Problematic or Unnecessary
The UK Plastics Pact uses the following list of criteria to identify problematic or unnecessary plastic packaging items:
• Its use is avoidable or reusable options are available.
• It does not commonly enter recycling or composting systems.
• It’s not recyclable or hampers the recycling process.
• It pollutes our environment.
All plastics must comply with Registration, Evaluation, Authorisation and Restriction of Chemicals (REACH) regulations.
The UK Plastics Pact is aligned to the Ellen MacArthur Foundations’ definition set out in the New Plastics Economy Global Commitment: A packaging or packaging component is compostable if it is in compliance with relevant international compostability standards and if its successful post-consumer collection, (sorting), and composting is proven to work in practice and at scale.
Plastics Definitions - Part 2
Despite definitions being available in EU regulation (Dir2019/904), the term biodegradable is also often misused and applied to a broad range of different materials. Without a specified environment and time frame, the term is extremely vague, because a biodegradable product may biodegrade in some environments and not (in any reasonable timeframe) in others. Importantly, all compostable plastics are biodegradable, but not all biodegradable plastics are compostable. Environments such as in soil, fresh or marine water are not controlled in any way, and therefore the time for a material to biodegrade can vary significantly. The term biodegradable is therefore best avoided as a label for plastic materials as it infers a general behaviour of the material and could mislead users to think that something will automatically biodegrade in a reasonable timeframe.

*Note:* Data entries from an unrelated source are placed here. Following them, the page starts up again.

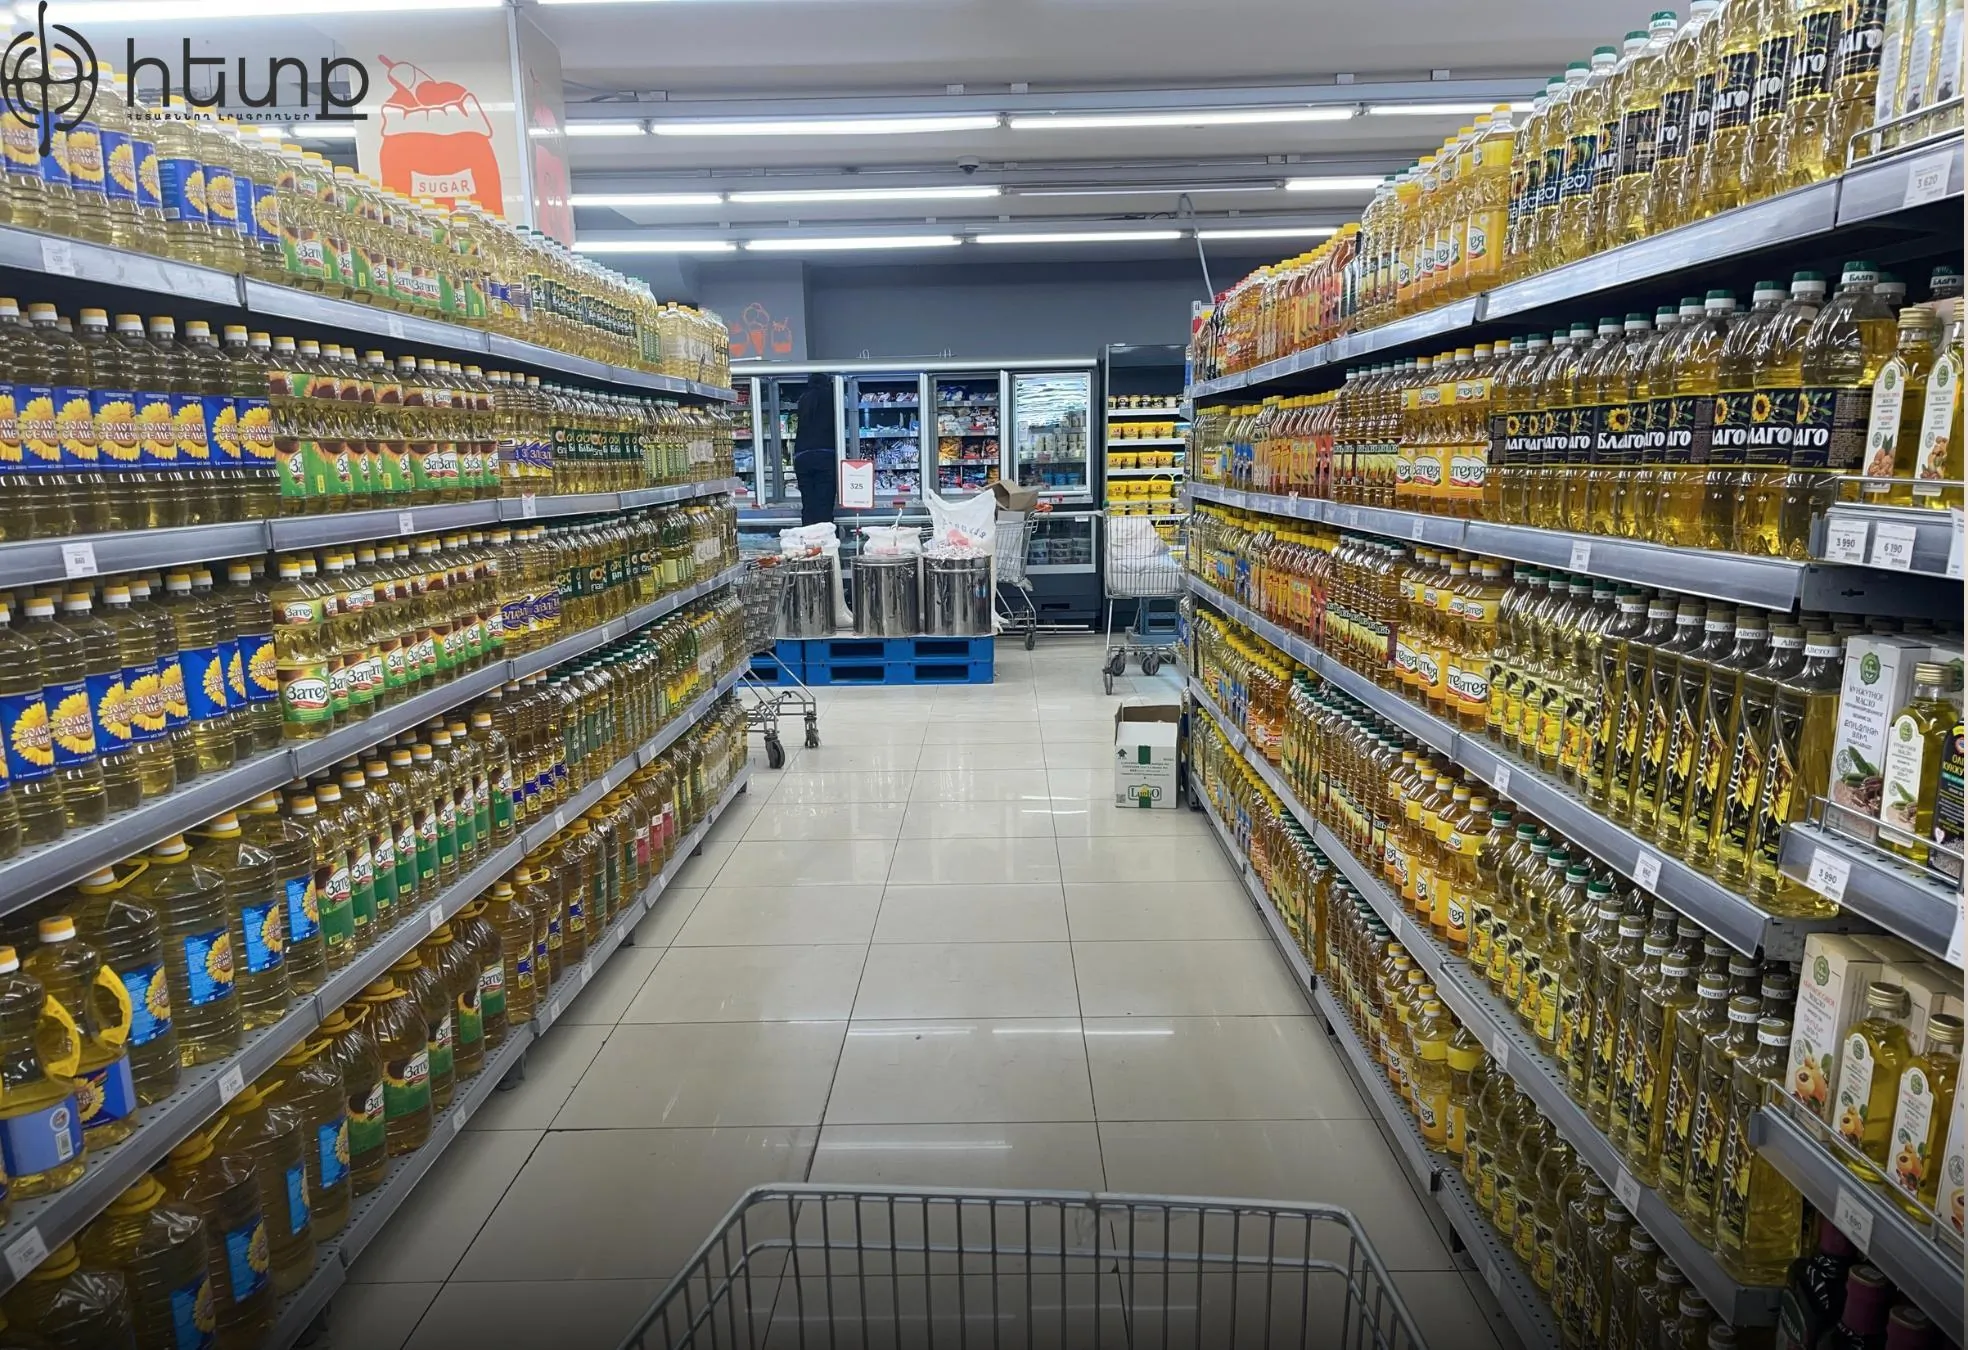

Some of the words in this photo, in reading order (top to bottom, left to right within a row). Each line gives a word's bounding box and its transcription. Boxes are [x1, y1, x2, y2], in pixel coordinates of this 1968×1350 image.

[418, 179, 471, 193] SUGAR
[1842, 538, 1856, 548] 990
[1890, 543, 1903, 554] 190
[1737, 628, 1761, 638] Altero
[286, 685, 328, 700] Затея
[1824, 871, 1838, 884] 990

In the context of the UK Plastics Pact the term biodegradable should not be used unless it can be proved that the packaging will biodegrade in any environment the material is liable to pollute.

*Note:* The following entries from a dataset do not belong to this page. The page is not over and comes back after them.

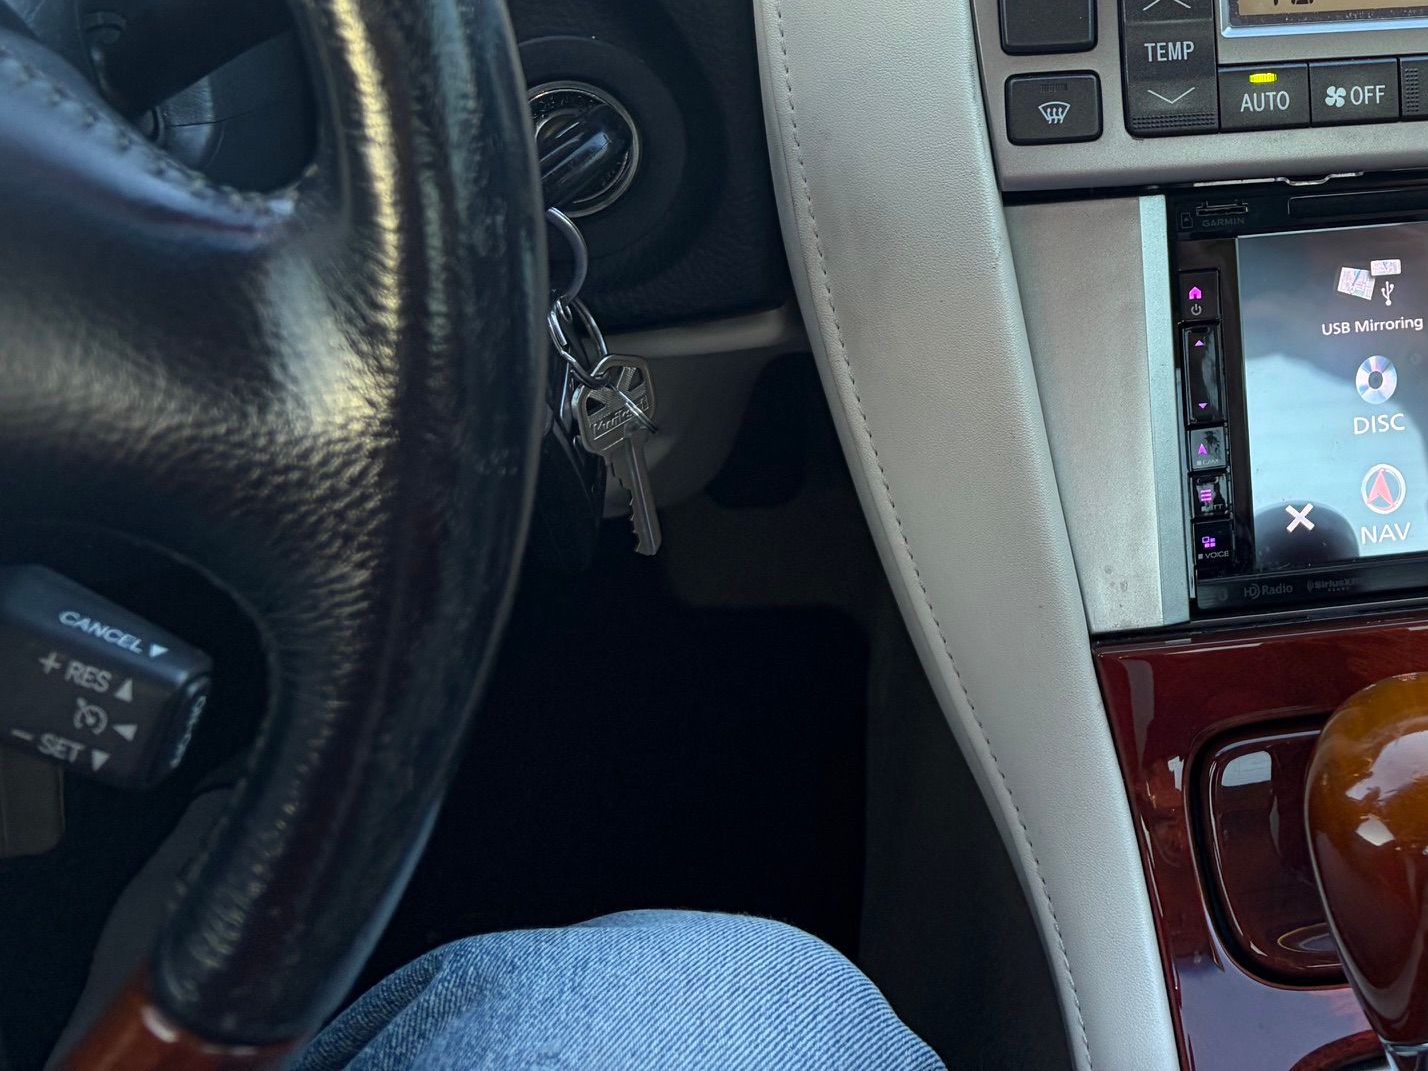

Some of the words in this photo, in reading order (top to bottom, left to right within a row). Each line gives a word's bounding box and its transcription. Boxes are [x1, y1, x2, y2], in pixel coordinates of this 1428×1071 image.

[1144, 41, 1195, 62] TEMP
[1240, 90, 1291, 113] AUTO
[1350, 85, 1386, 106] OFF
[1202, 215, 1245, 227] GARMIN
[1321, 321, 1351, 336] USB
[1355, 316, 1424, 333] Mirroring
[1353, 413, 1406, 434] DISC
[1360, 521, 1412, 545] NAV
[1205, 550, 1229, 559] VOICE
[1261, 583, 1293, 595] Radio
[58, 611, 144, 655] CANCEL

Any claims on pack should also state a timeframe to fully decompose based on the environmental conditions providing the longest degradation timescale.
The UK Plastics Pact has adopted the Ellen MacArthur Foundation’s definition of reusable packaging, which in turn aligns with the European Commission definition. An item of packaging can be defined as reusable if it is conceived, designed and marketed to carry out multiple trips in its lifetime by being refilled or reused for the same purpose for which it was conceived.
While packaging may have secondary uses which can be valuable in terms of the circular economy, is not considered reuse by The UK Plastics Pact.
Reusable packaging should be designed to be recyclable as far as possible, as it will inevitably reach the maximum number of reuse cycles at some point, after which recycling ensures the material is kept in the economy.
The UK Plastics Pact is aligned to the Ellen MacArthur Foundations’ definition of reuse set out in the New Plastics Economy Global Commitment: the operation by which packaging is refilled or used for the same purpose for which it was conceived, with or without the support of auxiliary products present on the market, enabling the packaging to be refilled.
The UK Plastics Pact is aligned to the Ellen MacArthur Foundations’ definition set out in the New Plastics Economy Global Commitment: A packaging or packaging component is recyclable if its successful post-consumer collection, sorting, and recycling is proven to work in practice and at scale.
A package can be considered recyclable if its main packaging components, together representing >95% of the entire packaging weight, are recyclable according to the above definition, and if the remaining minor components are compatible with the recycling process and do not hinder the recyclability of the main components. ‘At scale’ is considered a 30% recycling rate.